La selvaggina non è manzo

Tre cose fanno della selvaggina un problema a sé.

Arriva tutta insieme. Un animale intero scende in un solo pomeriggio, e ogni sua parte vuole una decisione entro una settimana o poco più.

È magra. Quasi tutte le ricette per i salumi sono nate sul maiale. La selvaggina asciuga più in fretta di quanto diano per scontato: stessa ricetta, stessa stanza, risultato diverso.

E la regola del grasso si ribalta a seconda di cosa hai abbattuto. Il cinghiale porta con sé il proprio grasso e si comporta quasi come il maiale. Il cervo quasi per niente, quindi il grasso deve arrivare da fuori, altrimenti ti ritrovi con qualcosa di secco e stopposo.

Niente di difficile, una volta che lo sai. Semplicemente non è quello che trovi scritto sui libri.

Le prime ore

  • Dopo lo sparo

    Il tempo comincia a correre qui.
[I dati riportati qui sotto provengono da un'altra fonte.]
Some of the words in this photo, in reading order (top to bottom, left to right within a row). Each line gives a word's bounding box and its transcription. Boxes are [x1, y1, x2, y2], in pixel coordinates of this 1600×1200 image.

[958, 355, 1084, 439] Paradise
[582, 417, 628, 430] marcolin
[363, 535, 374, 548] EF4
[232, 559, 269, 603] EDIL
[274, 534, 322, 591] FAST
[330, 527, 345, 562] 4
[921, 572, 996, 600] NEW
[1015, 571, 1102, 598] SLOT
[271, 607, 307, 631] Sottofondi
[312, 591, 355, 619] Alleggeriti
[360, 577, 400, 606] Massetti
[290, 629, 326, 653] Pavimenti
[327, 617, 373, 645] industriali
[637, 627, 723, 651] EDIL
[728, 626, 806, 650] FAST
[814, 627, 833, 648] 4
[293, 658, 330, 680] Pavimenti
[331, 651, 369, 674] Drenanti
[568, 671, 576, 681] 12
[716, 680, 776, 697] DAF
Una carcassa calda e i visceri caldi sono il punto in cui le cose vanno storte, e niente di quello che fai dopo lo rimedia. Il gancio qui non serve ancora: ci siete tu, il coltello e la luce che ti resta.

  • Dove lo evisceri

    Se puoi, porta l'animale nel locale fresco dove lo appenderai ed evisceralo lì. È più pulito, è più comodo, e non lavori per terra. L'eviscerazione sul posto, dove l'animale è caduto, è la scelta quando è troppo pesante da spostare o quando passerà del tempo prima di rientrare: appendilo, evisceralo, poi portalo a casa.
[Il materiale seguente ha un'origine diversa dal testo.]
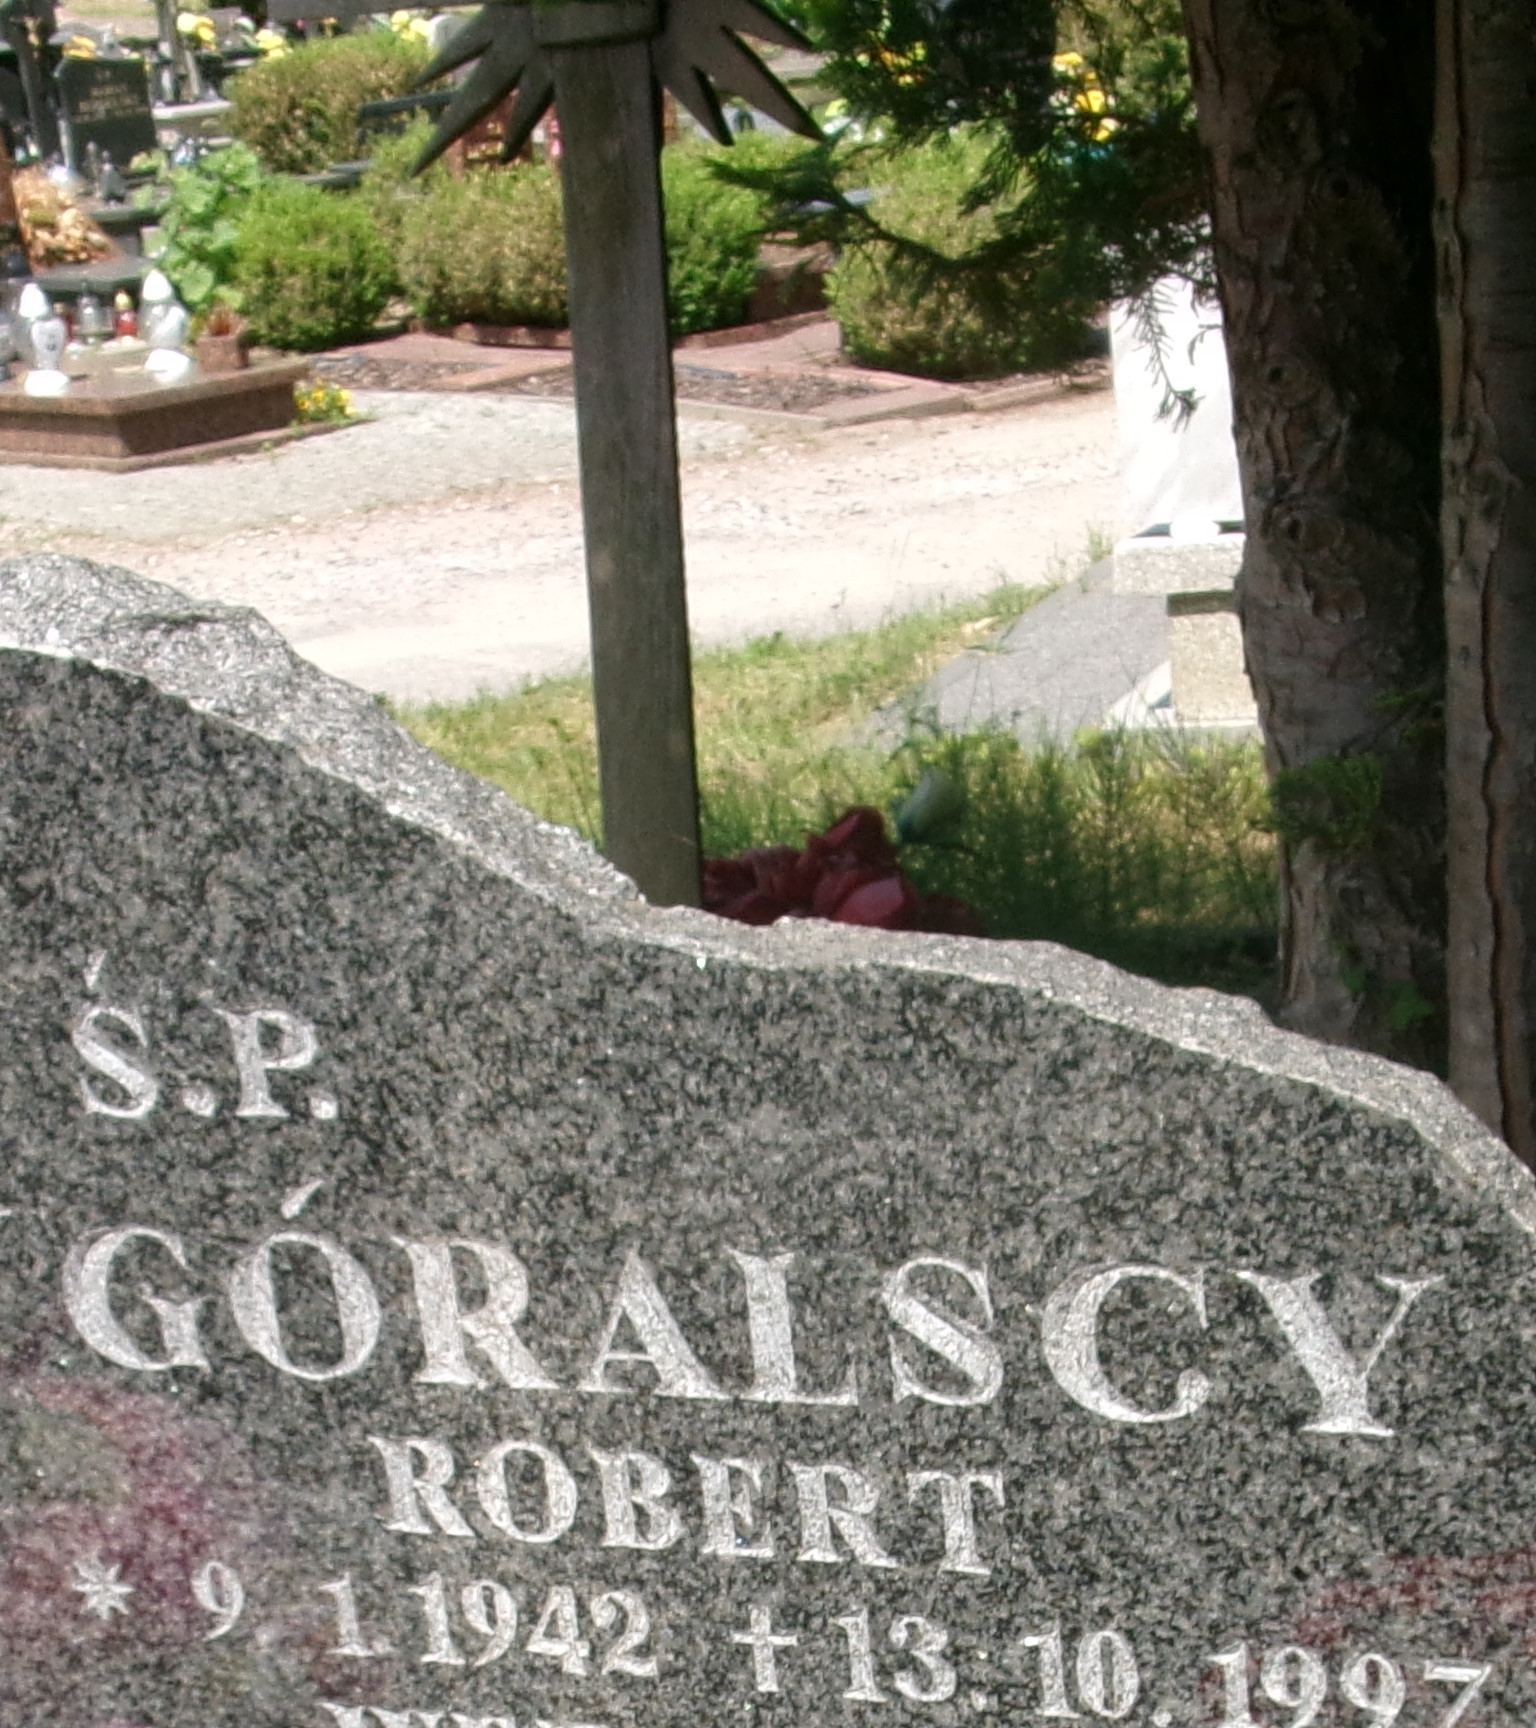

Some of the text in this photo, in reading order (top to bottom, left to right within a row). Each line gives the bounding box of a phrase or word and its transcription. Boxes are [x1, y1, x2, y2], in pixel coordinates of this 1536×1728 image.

[72, 950, 339, 1122] Ś.P.
[61, 1178, 1444, 1438] GÓRALSCY
[366, 1434, 1006, 1576] ROBERT
  • Portarlo a casa pulito

    Per il viaggio, una sacca portaselvaggina o dei sacchi di plastica grandi. Tieni la carcassa lontana dalla terra e dalla polvere. Quasi tutto quello che va storto in questa fase è come la maneggi, non il tempo che passa.

Dove appenderai l'animale

Un animale intero occupa più spazio di quanto ci si immagini all'inizio, e quello spazio deve essere freddo. Una vera cella frigorifera è l'ideale, e ce l'hanno in pochi.

Quasi tutti i cacciatori usano un garage, un capanno o una cantina: un posto non riscaldato, al riparo dal sole, dove l'aria possa muoversi attorno alla carcassa. Meglio se è libero da insetti e da animali indesiderati; se non lo è, usa un sacco a rete anti insetti e appendi la carcassa abbastanza in alto da tenerli lontani.
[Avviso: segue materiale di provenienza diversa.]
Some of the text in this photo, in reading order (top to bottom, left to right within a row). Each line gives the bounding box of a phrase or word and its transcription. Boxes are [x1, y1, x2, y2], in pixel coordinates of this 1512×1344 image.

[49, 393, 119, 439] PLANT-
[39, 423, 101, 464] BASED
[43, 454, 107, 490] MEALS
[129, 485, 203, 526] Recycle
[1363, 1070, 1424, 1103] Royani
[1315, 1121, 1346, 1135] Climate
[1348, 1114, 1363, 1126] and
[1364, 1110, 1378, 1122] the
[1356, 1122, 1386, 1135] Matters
Senza refrigerazione è una questione di stagione. Il locale segue il tempo che fa, e un autunno mite decide quanto puoi tenerla appesa prima di dover sezionare l'animale. Il gancio legge la temperatura e l'umidità dove la carcassa è appesa davvero, così sai cosa sta facendo il locale invece di tirare a indovinare.

Appendere e frollare

La frollatura è quello che succede quando la carne resta appesa in aria fredda e in movimento. Gli enzimi della carne stessa allentano le fibre mentre l'umidità lascia la superficie, così esce più tenera e sa di più di sé. È la combinazione di tre cose — tempo, temperatura e umidità — e per certi pezzi la perdita di peso è la quarta, ma quello è un passo più avanti.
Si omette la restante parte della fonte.